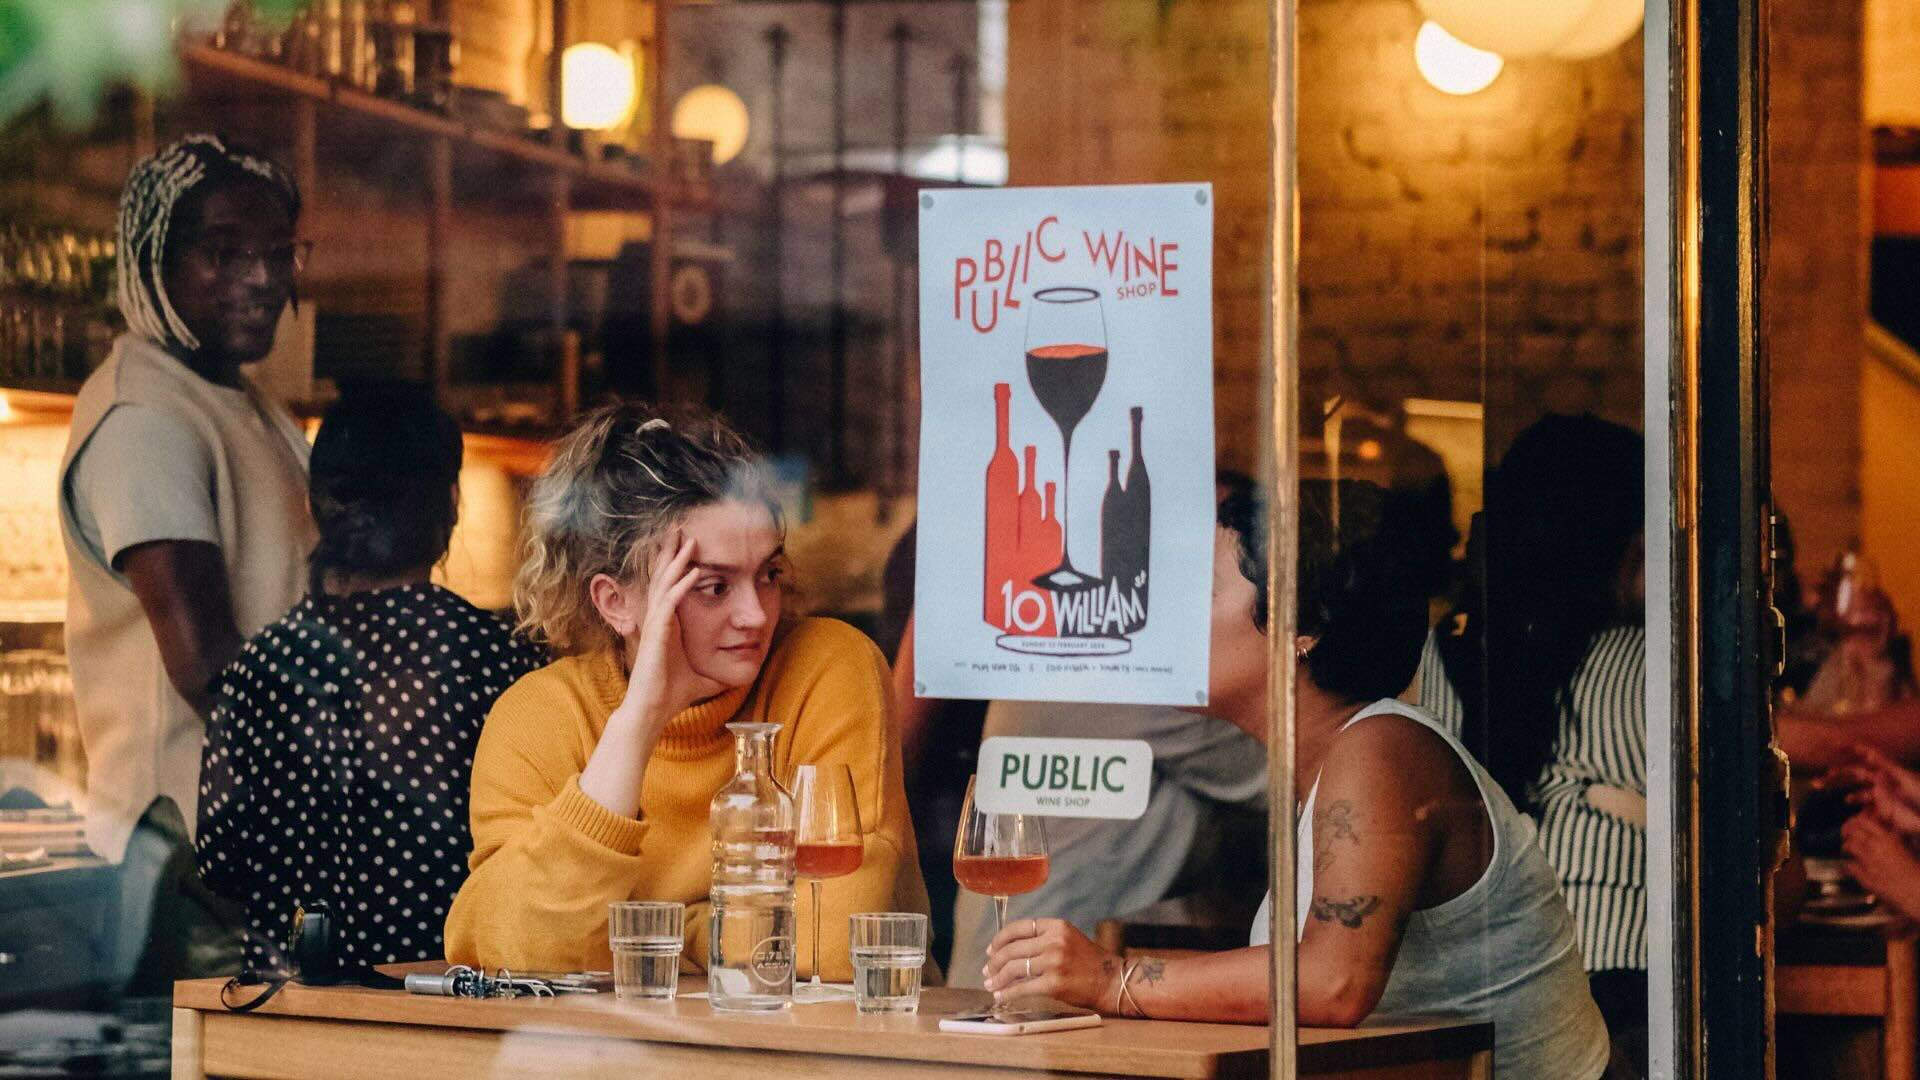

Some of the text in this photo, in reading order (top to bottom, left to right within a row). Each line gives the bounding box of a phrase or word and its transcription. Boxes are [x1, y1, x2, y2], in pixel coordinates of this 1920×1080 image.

[954, 216, 1179, 333] PUBLIC WINE
[1116, 283, 1157, 301] SHOP
[1001, 579, 1048, 633] 10
[1000, 753, 1127, 792] PUBLIC
[1036, 796, 1091, 808] WINE SHOP
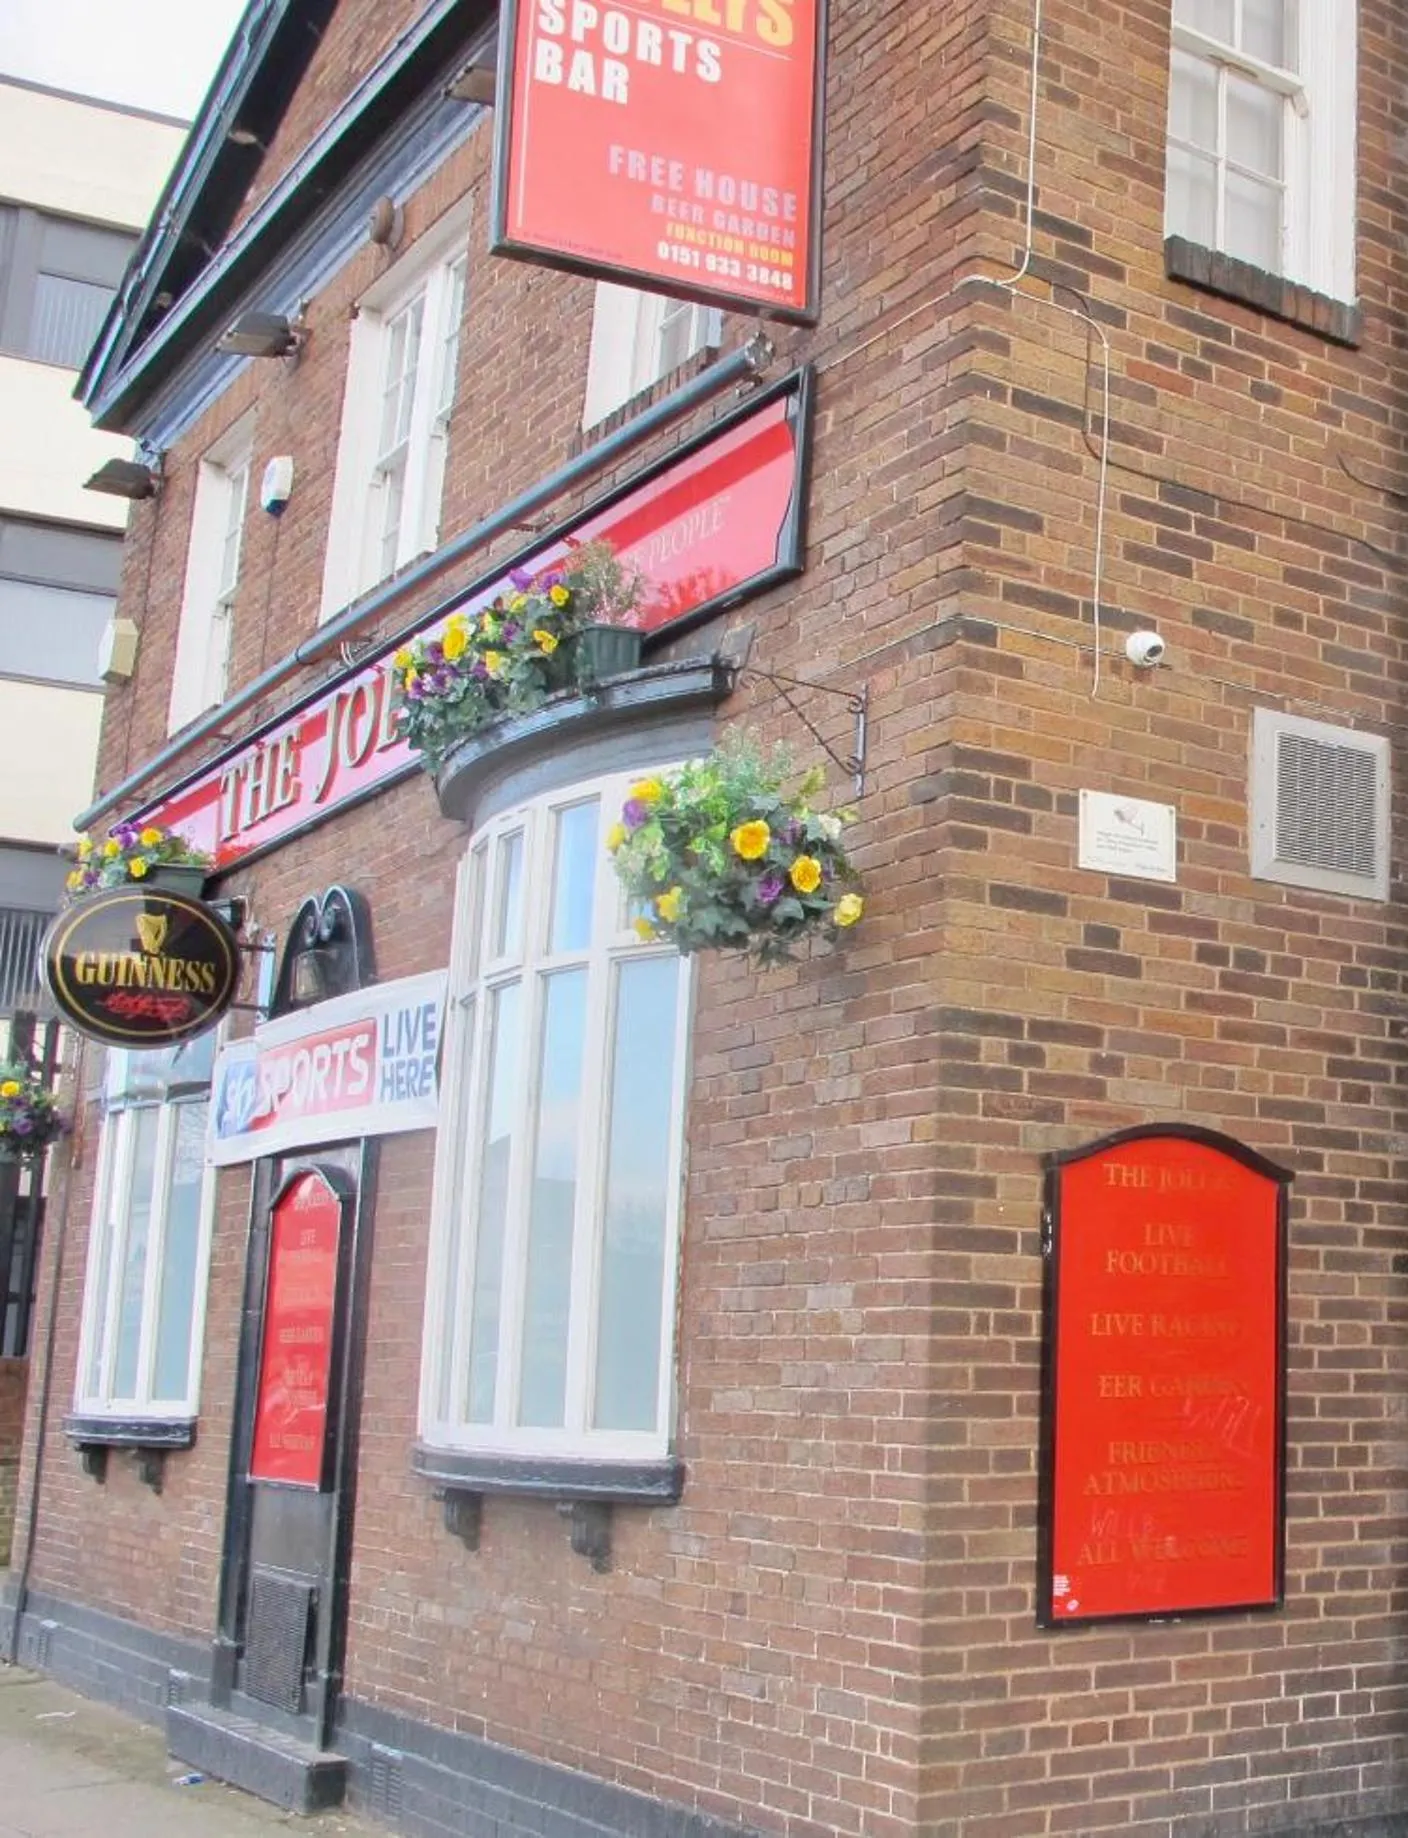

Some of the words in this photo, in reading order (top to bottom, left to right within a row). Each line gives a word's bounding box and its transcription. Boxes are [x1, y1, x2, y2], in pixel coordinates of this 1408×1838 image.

[538, 0, 722, 82] SPORTS
[534, 39, 629, 104] BAR
[608, 144, 684, 192] FREE
[695, 165, 797, 222] HOUSE
[651, 193, 704, 225] BEER
[713, 209, 795, 249] GARDEN
[666, 220, 744, 255] FUNCTION
[657, 240, 700, 268] 0151
[220, 724, 302, 843] THE
[314, 668, 408, 804] JOL
[75, 950, 217, 993] GUINNESS
[384, 1003, 437, 1058] LIVE
[381, 1056, 435, 1104] HERE
[1102, 1162, 1152, 1188] THE
[1089, 1312, 1144, 1337] LIVE

TO DO
Write every entry again exactly as given, skipping the pictures.

EXERCISE RESPONSE
Some of the text in this photo, in reading order (top to bottom, left to right within a row). Each line gives the bounding box of a phrase or word and its transcription. Boxes are [x1, y1, x2, y2], in pixel coordinates of this 1920×1080 image.

[954, 216, 1179, 333] PUBLIC WINE
[1116, 283, 1157, 301] SHOP
[1001, 579, 1048, 633] 10
[1000, 753, 1127, 792] PUBLIC
[1036, 796, 1091, 808] WINE SHOP

Some of the words in this photo, in reading order (top to bottom, left to right within a row). Each line gives a word's bounding box and its transcription. Boxes are [x1, y1, x2, y2], in pixel coordinates of this 1408×1838 image.

[538, 0, 722, 82] SPORTS
[534, 39, 629, 104] BAR
[608, 144, 684, 192] FREE
[695, 165, 797, 222] HOUSE
[651, 193, 704, 225] BEER
[713, 209, 795, 249] GARDEN
[666, 220, 744, 255] FUNCTION
[657, 240, 700, 268] 0151
[220, 724, 302, 843] THE
[314, 668, 408, 804] JOL
[75, 950, 217, 993] GUINNESS
[384, 1003, 437, 1058] LIVE
[381, 1056, 435, 1104] HERE
[1102, 1162, 1152, 1188] THE
[1089, 1312, 1144, 1337] LIVE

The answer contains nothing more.